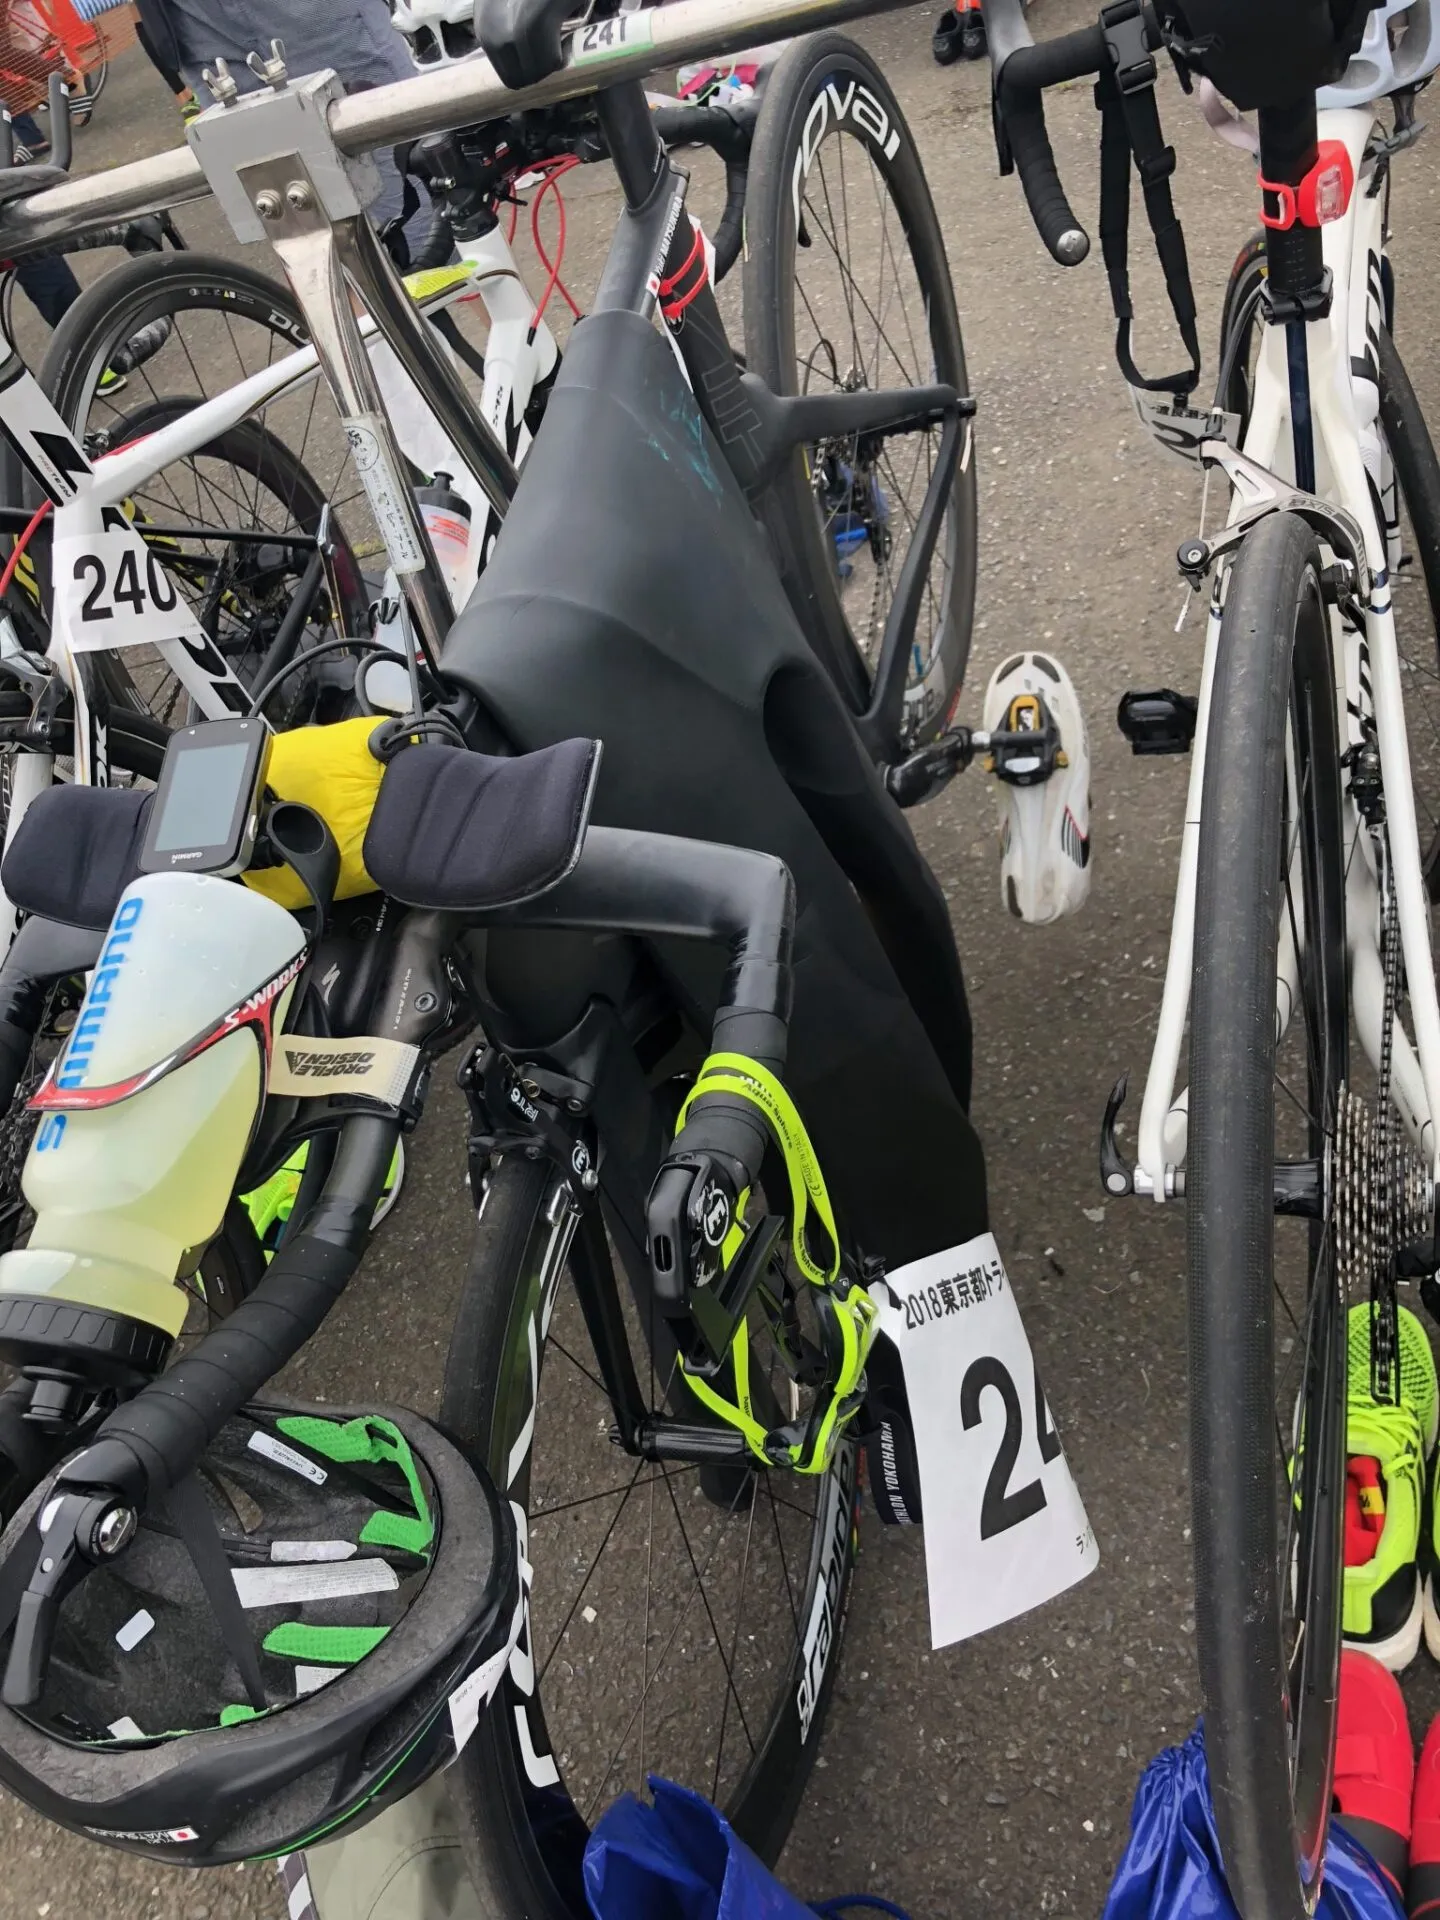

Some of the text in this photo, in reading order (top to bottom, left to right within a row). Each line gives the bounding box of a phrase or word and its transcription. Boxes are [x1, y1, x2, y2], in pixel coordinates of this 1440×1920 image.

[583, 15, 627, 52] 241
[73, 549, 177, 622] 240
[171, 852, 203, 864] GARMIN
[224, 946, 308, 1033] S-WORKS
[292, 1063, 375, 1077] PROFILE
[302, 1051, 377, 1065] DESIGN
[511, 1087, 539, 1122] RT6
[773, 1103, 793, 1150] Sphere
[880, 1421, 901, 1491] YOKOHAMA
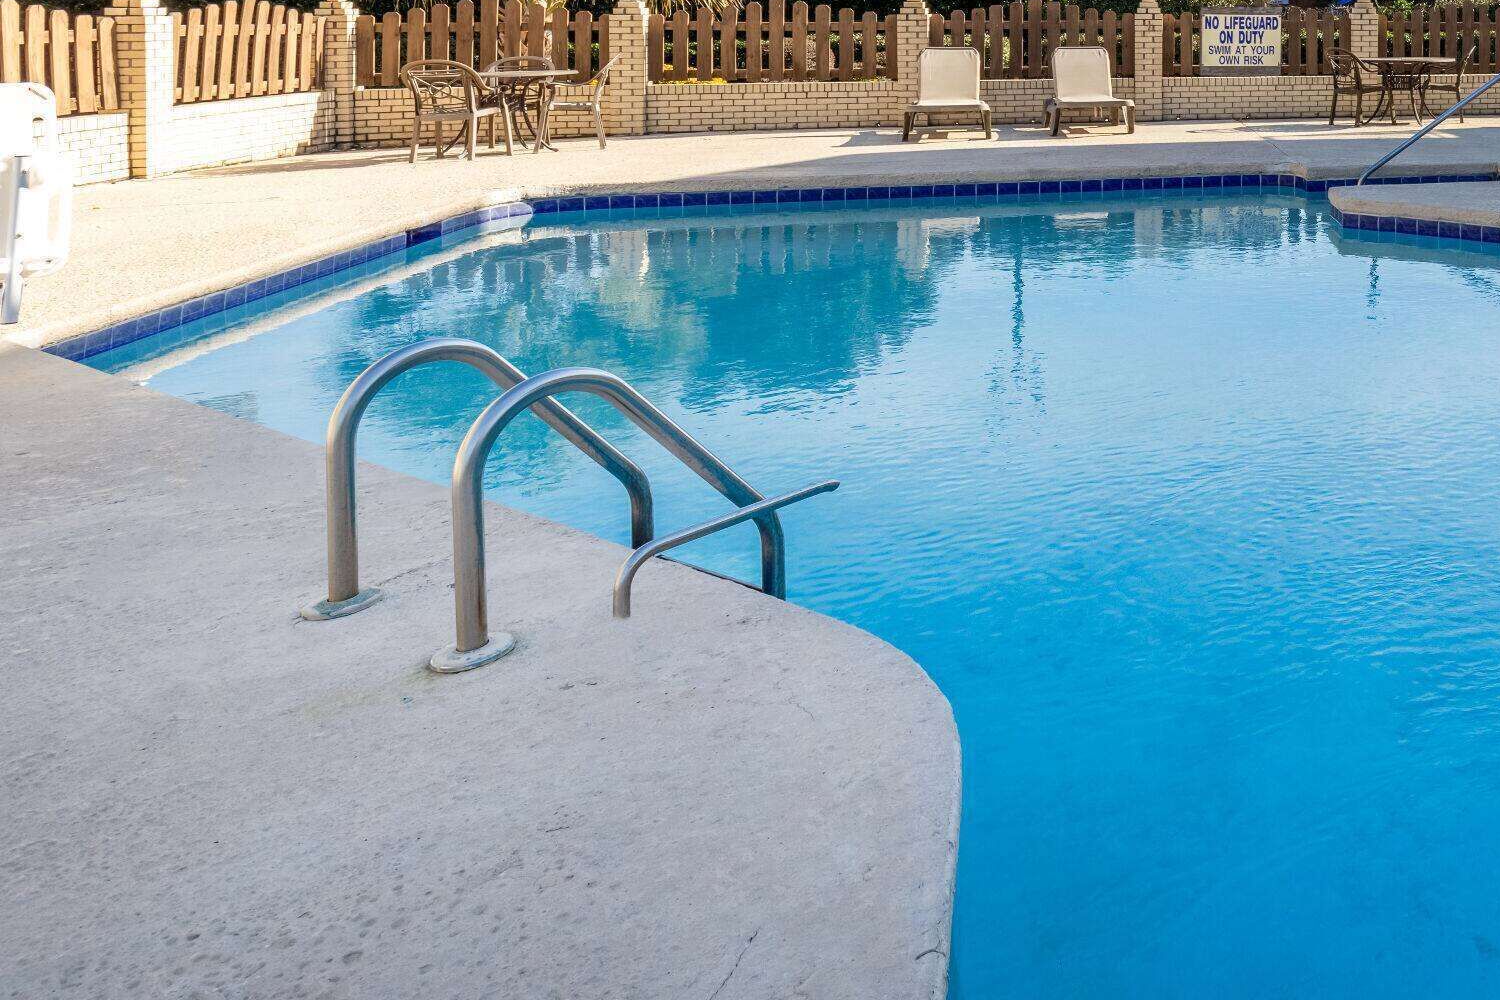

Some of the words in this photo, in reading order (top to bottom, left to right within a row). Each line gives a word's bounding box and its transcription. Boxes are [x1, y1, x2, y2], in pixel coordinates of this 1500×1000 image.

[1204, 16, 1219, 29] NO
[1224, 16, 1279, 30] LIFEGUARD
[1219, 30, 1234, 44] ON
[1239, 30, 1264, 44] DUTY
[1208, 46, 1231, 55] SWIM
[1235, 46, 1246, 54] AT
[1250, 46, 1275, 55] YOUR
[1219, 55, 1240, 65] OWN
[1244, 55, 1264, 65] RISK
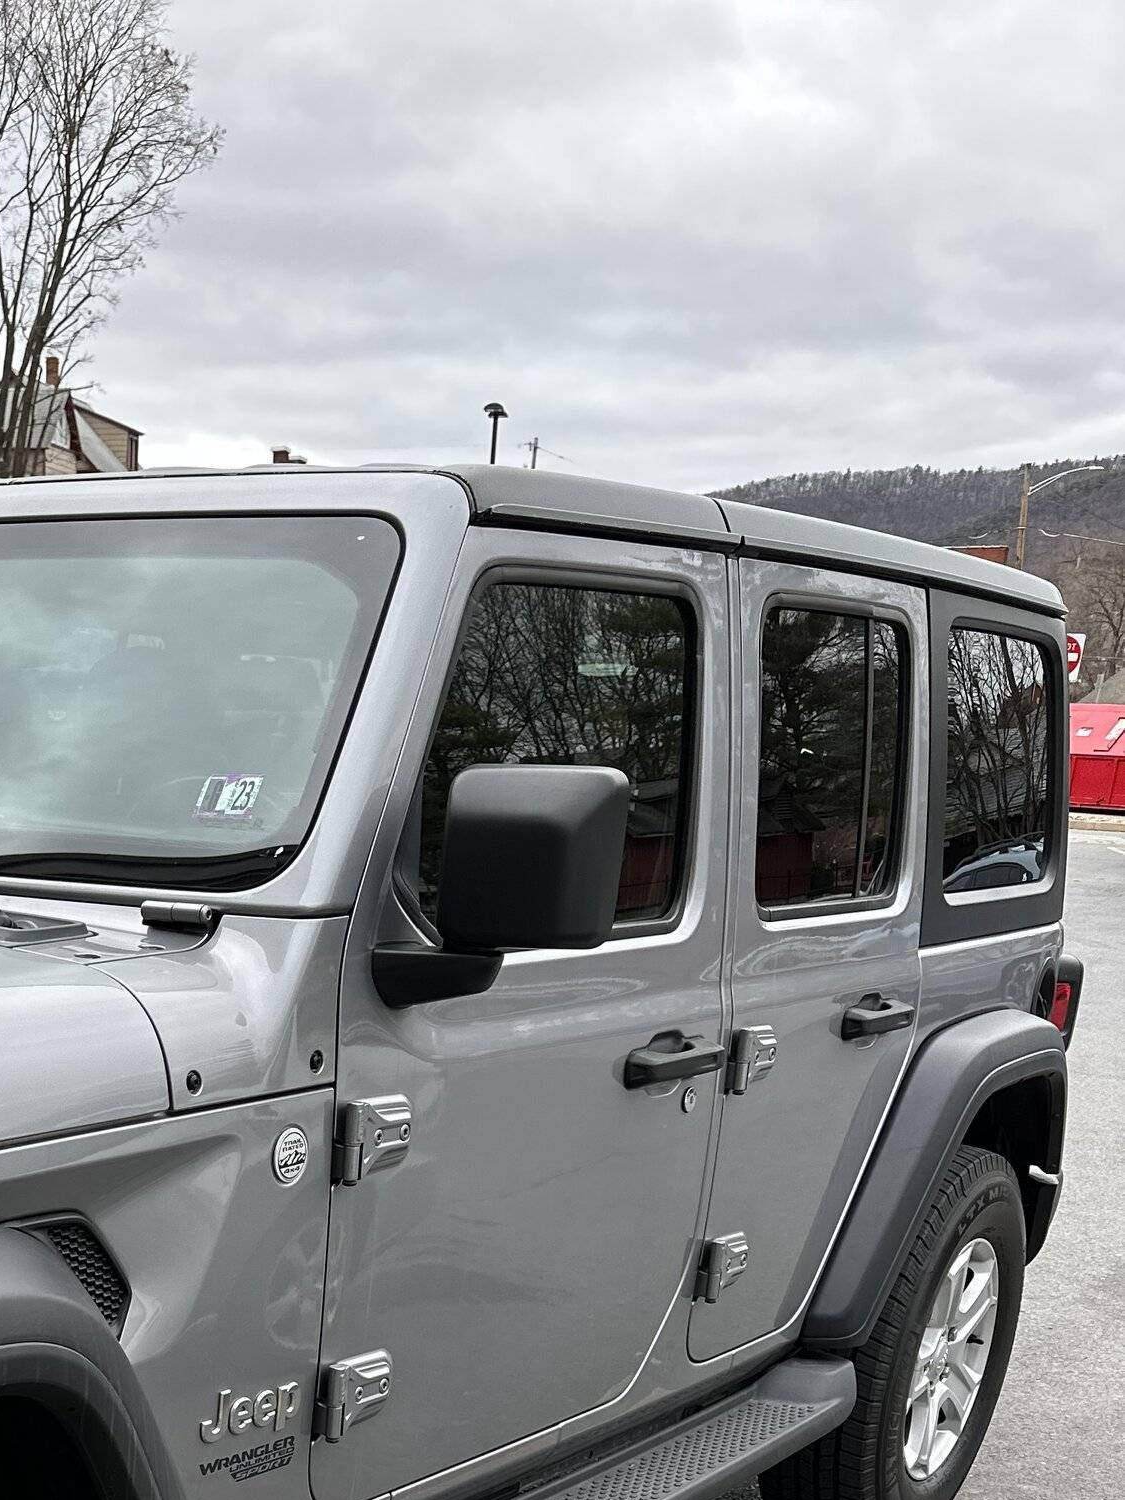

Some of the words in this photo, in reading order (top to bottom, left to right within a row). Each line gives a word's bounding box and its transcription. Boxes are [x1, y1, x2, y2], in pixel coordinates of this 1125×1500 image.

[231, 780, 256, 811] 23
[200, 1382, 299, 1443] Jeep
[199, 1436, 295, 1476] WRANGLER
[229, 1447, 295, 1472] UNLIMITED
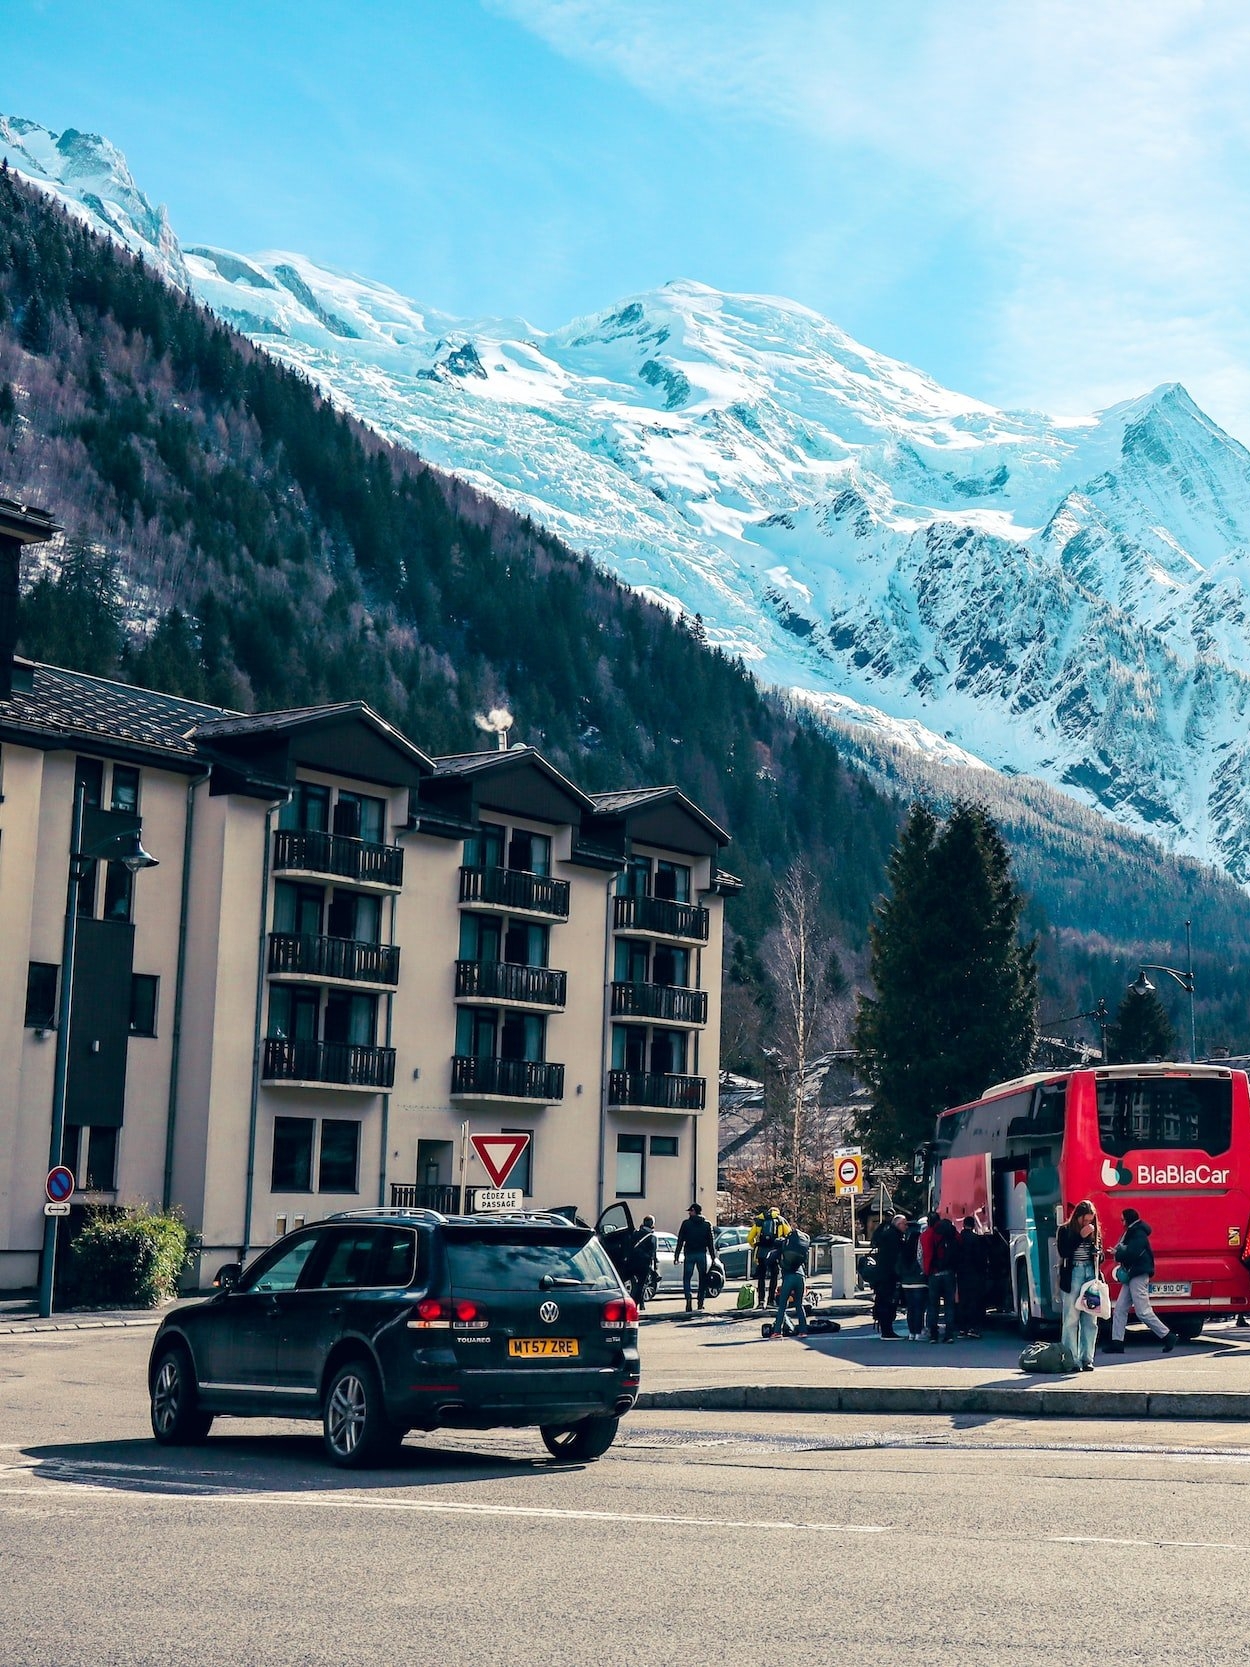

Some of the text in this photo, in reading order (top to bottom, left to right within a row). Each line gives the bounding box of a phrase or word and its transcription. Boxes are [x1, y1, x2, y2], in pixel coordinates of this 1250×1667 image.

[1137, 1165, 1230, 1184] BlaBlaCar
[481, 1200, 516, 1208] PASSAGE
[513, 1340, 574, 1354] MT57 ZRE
====
● Problem requirements: After locating the line with "this 1250×1667 image." in the records above, please set down that line and all later ones exactly, and no other line.

● Exercise solution:
Some of the text in this photo, in reading order (top to bottom, left to right within a row). Each line gives the bounding box of a phrase or word and its transcription. Boxes are [x1, y1, x2, y2], in pixel coordinates of this 1250×1667 image.

[1137, 1165, 1230, 1184] BlaBlaCar
[481, 1200, 516, 1208] PASSAGE
[513, 1340, 574, 1354] MT57 ZRE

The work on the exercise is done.